Too often, according to his telling, that breaks down the job of ID security and management into discrete operations with relatively little communication or joint effort once that responsibility is passed off. One hand might not know what the other hand is doing, which ends up limiting the scope of fraud prevention knowledge within the organization, all because of those enduring silos. “Those silos, they really should be torn down,” he said.

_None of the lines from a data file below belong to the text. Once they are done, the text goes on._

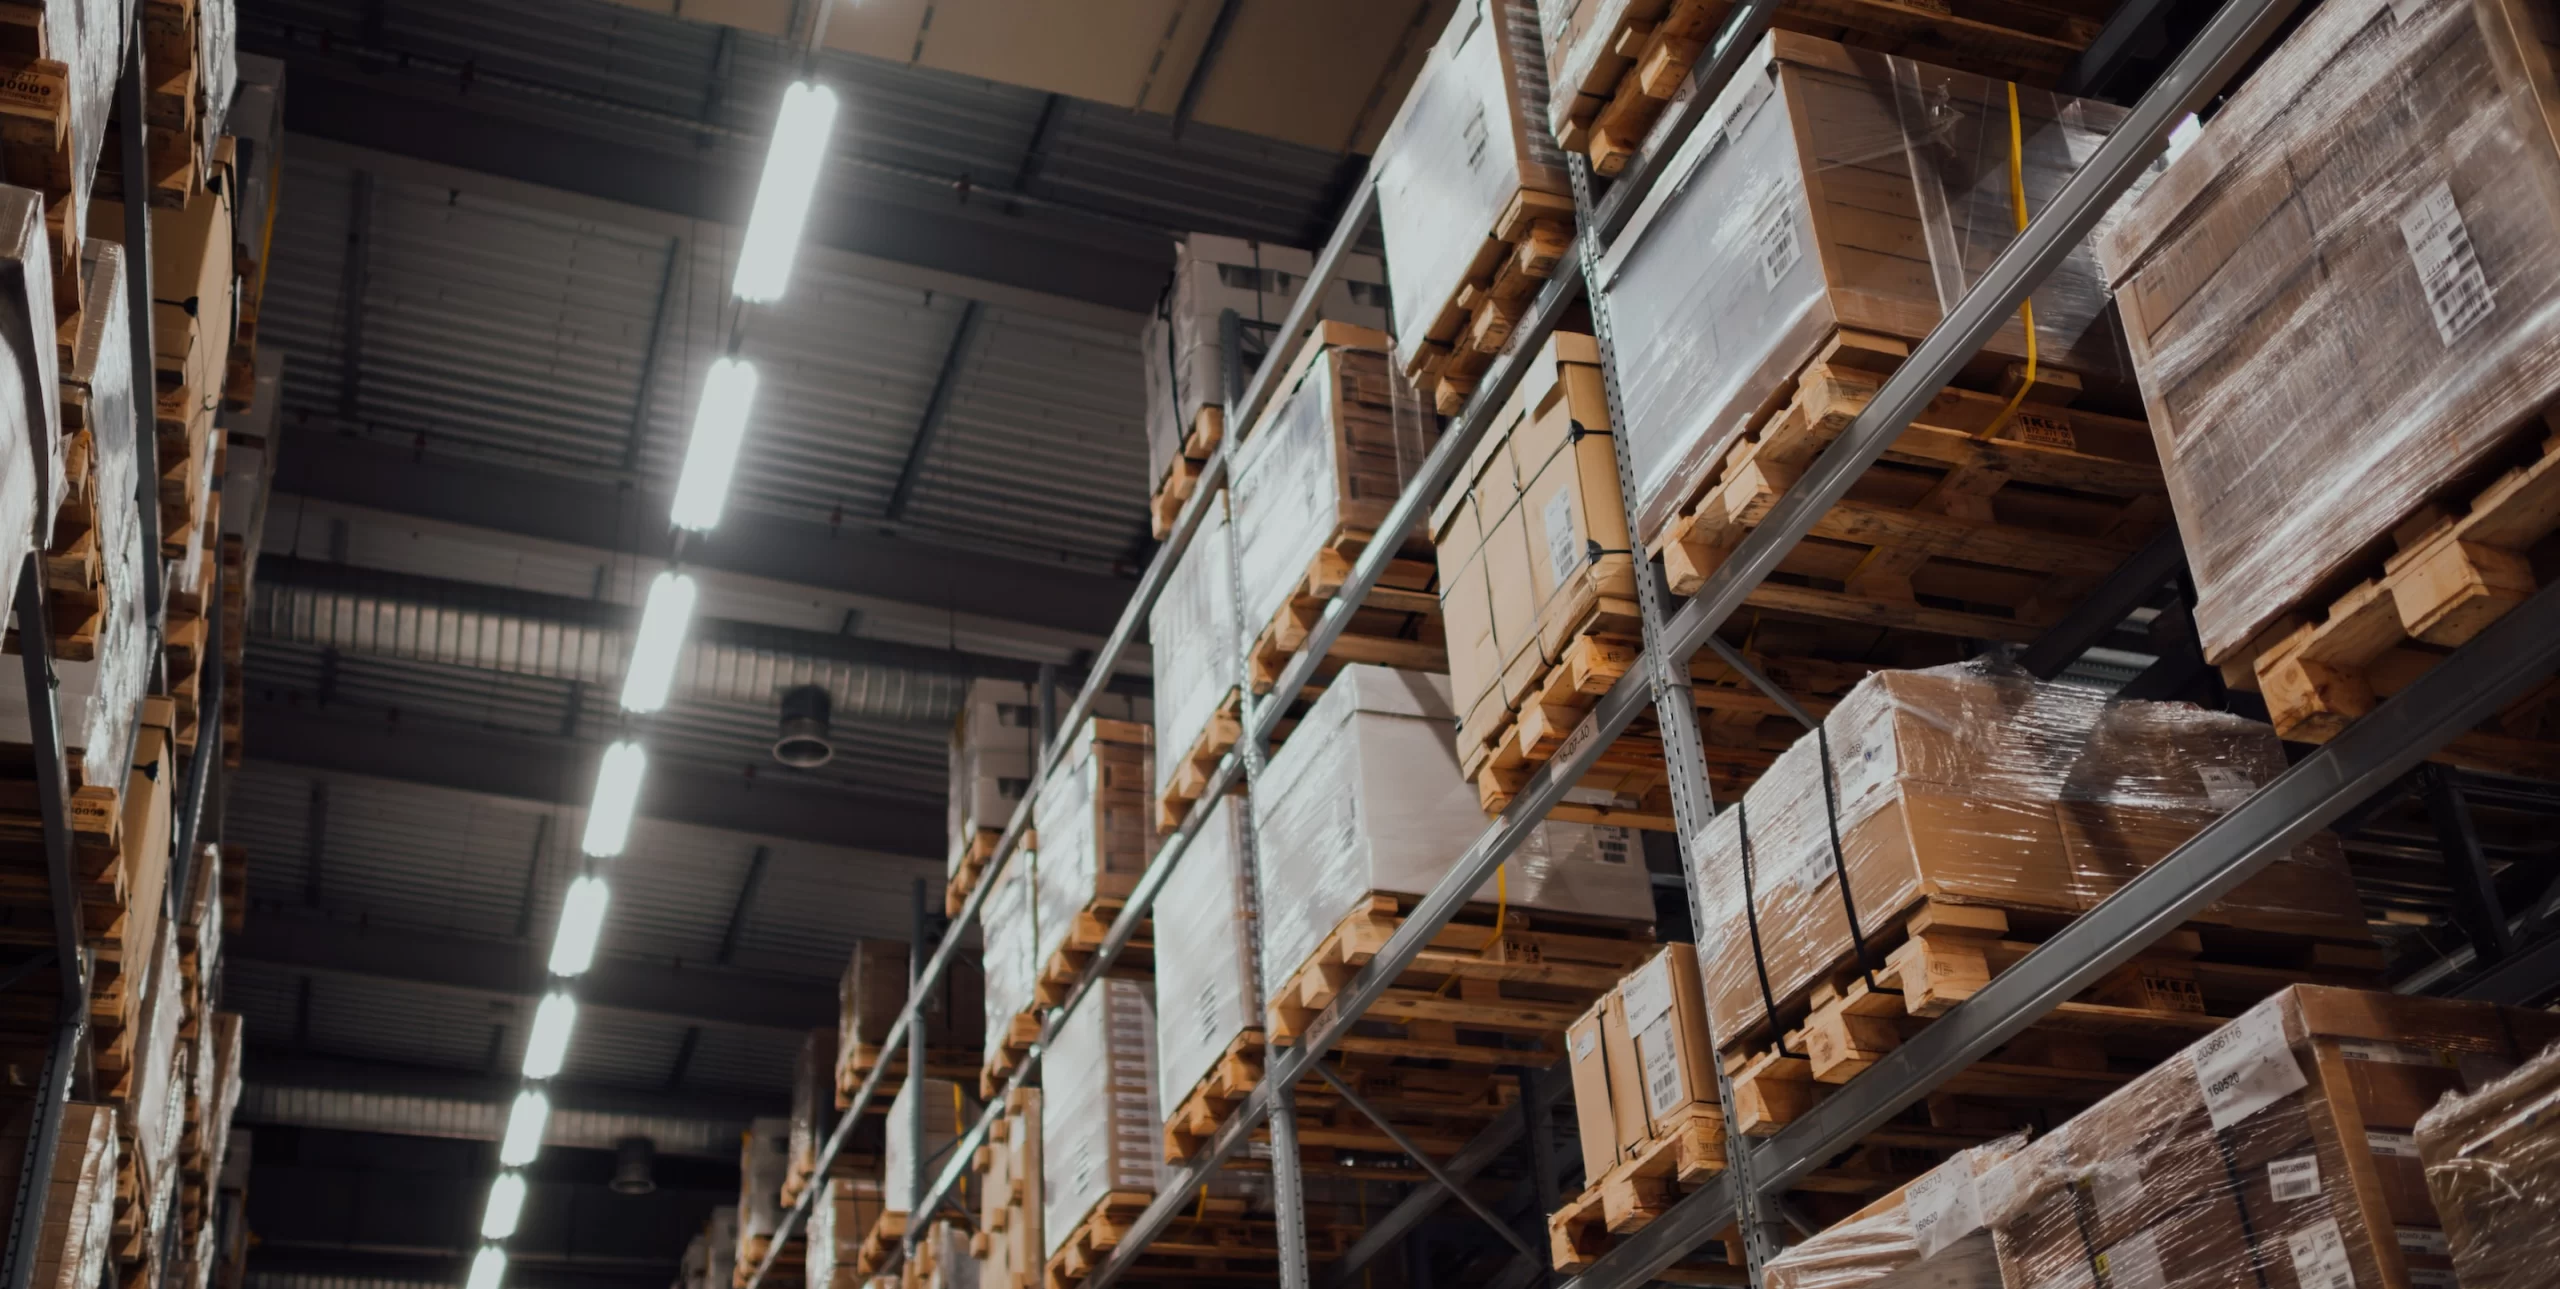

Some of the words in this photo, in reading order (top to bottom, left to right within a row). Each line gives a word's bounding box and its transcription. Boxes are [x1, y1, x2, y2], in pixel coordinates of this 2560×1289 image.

[2146, 978, 2198, 995] IKEA
[2196, 1026, 2242, 1061] 20366116
[2207, 1072, 2240, 1097] 160520
[1909, 1172, 1942, 1200] 10452713
[1915, 1211, 1938, 1232] 160620

Complaints about silos in business, of course, are nothing new. Countless consultants and other professionals have built lucrative careers talking about the various dangers of silos in this industry and that, creating enough PowerPoint slides to probably justify construction of a museum dedicated to that particular art form. You are excused if you think you’ve heard all of this before.
Static ID
That said, Barnhardt’s points go to the heart of the modern digital lifestyle — and speak even more to where it’s all moving. In the daily digital world of most consumers, ID is not static, not anymore. ID is more than one’s date of birth, phone number, physical address and Social Security number — data that, as Barnhardt noted, have all been stolen in bulk, making pretty much all of our basic personal information ready for exploitation by digital criminals.
That may be cause for despair or apathy, but it’s a stepping stone to something else, another part of factual reality that supports Barnhardt’s call to break down those silos in the interest of consumer security. Identification is also — and increasingly — about more dynamic features such as what mobile device a specific consumer uses, or how long she has used a particular email (and for what purposes) or how he normally browses on a particular eCommerce site before buying.

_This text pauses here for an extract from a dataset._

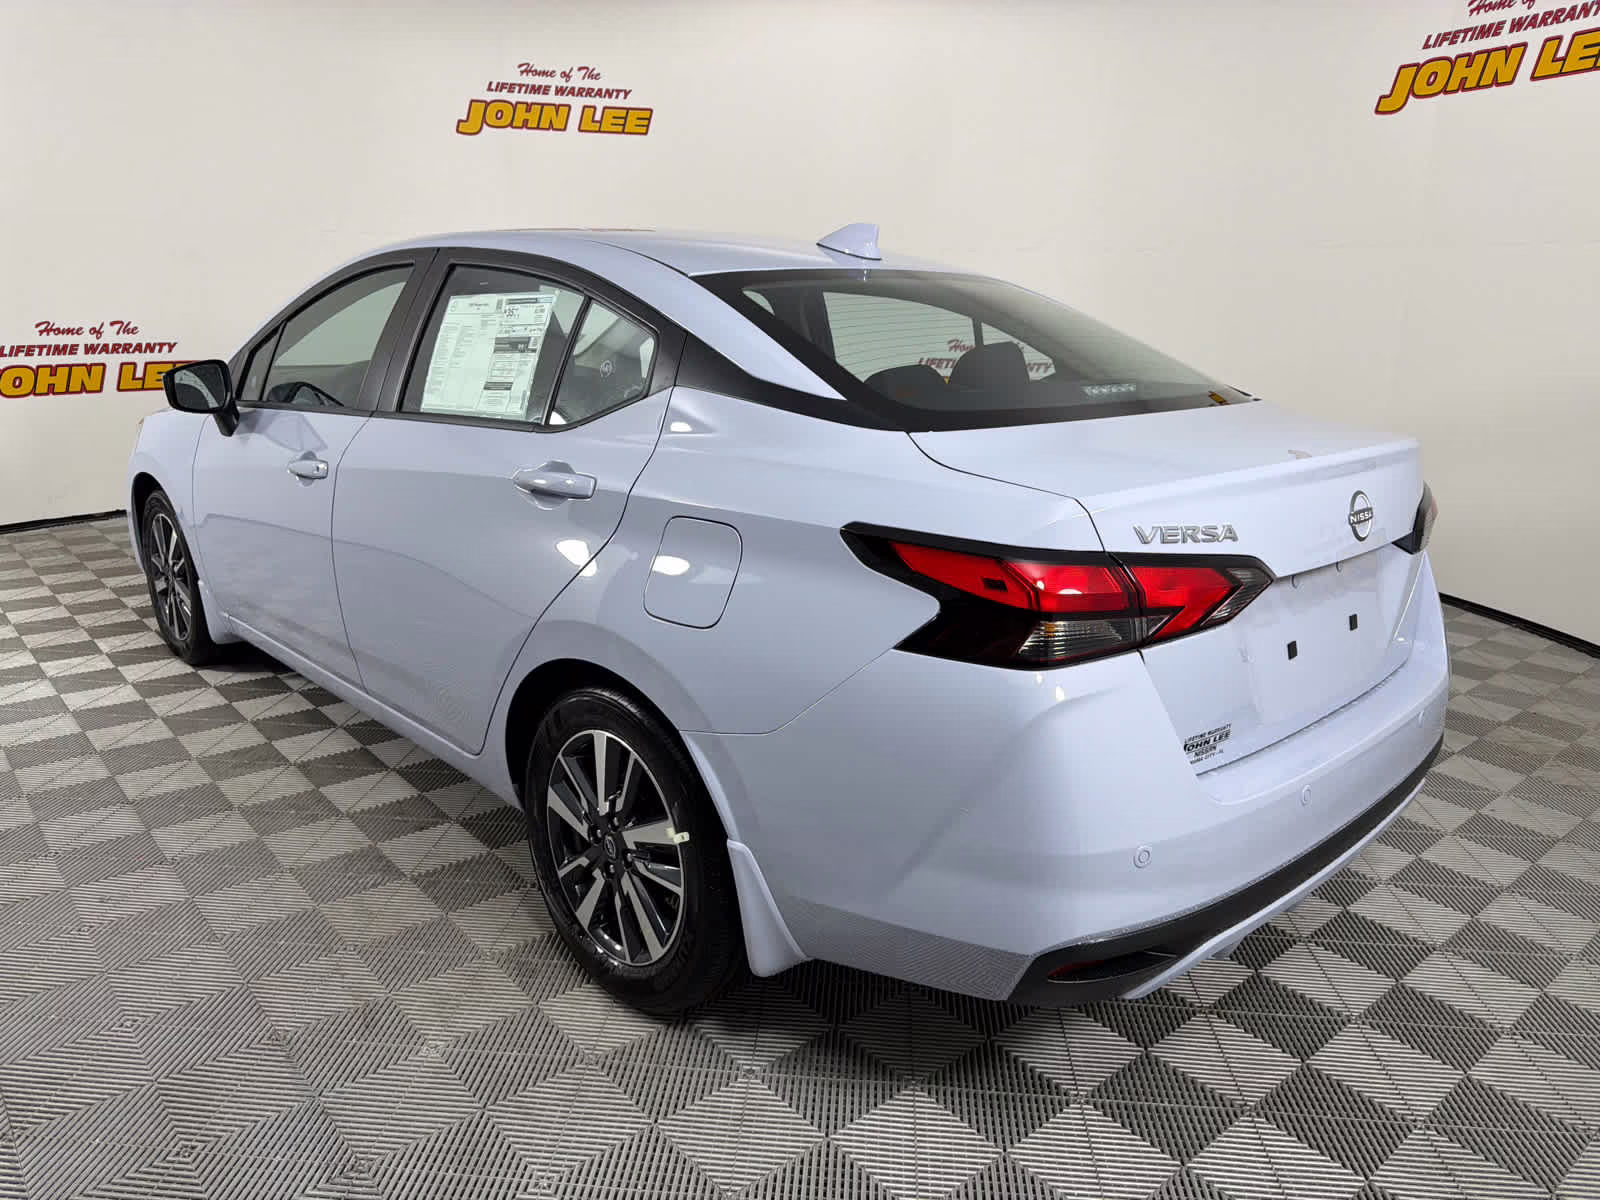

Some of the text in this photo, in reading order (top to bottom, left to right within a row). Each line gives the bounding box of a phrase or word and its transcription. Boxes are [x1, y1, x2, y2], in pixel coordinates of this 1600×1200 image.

The goal — the motivation to break down silos — is to “fully understand who that customer is and how that customer is” engaging with the larger digital world, he said during the PYMNTS interview. And gaining that understanding requires that a business or other organization break down those silos so that the customer enrollment employees can have an ongoing, information-sharing program with the customer experience people, and so that other departments can bring their own expertise and data to the overall onboarding, authentication and fraud prevention efforts.
Customer Experience Focus
If that happens, he said, “the customer experience will improve as the fraud rate declines.”
The concept of customer experience is also important to how Barnhardt views this world. Successful eCommerce, payments and financial services providers are increasingly learning that the way to acquire and retain customers is to offer a full experience — to tie them into an interesting, rewarding, seamless and secure ecosystem — instead of just offering them a relationship based on the transaction. Silos, at least as a general concept, do not reflect that ongoing move to the fuller customer experience. Silos are not holistic.
But breaking down those silos is not the only key to better onboarding, authentication and security. Another concept important to Barnhardt is revalidation — and that means employing multiple sources when it comes to consumer information.
Too many business rely on a single source, or a handful of sources, to validate consumer data. What if those sources are wrong? Or what if those sources do a poor job of keeping up with such consumer changes as new addresses, or marriages? Companies must have sources that can not only keep up with those changes, but offer confidence — via “triangulation,” as Barnhardt put it — that the data is indeed accurate. In other words, constant, ongoing data validations are vital.
If companies don’t do that, he said, it can result in the “small cracks in the process that fraudsters easily exploit.”
Here’s the harsh reality of the world in 2019 and going forward: It’s going to get more complicated to keep ahead of those fraudsters while also providing a seamless experience for consumers over lengthy periods of time. Doing so, according to some observers, will become table stakes in the digital game. That said, the tools are here, and the technology is improving. But none of that will matter much if the silo mindset doesn’t change.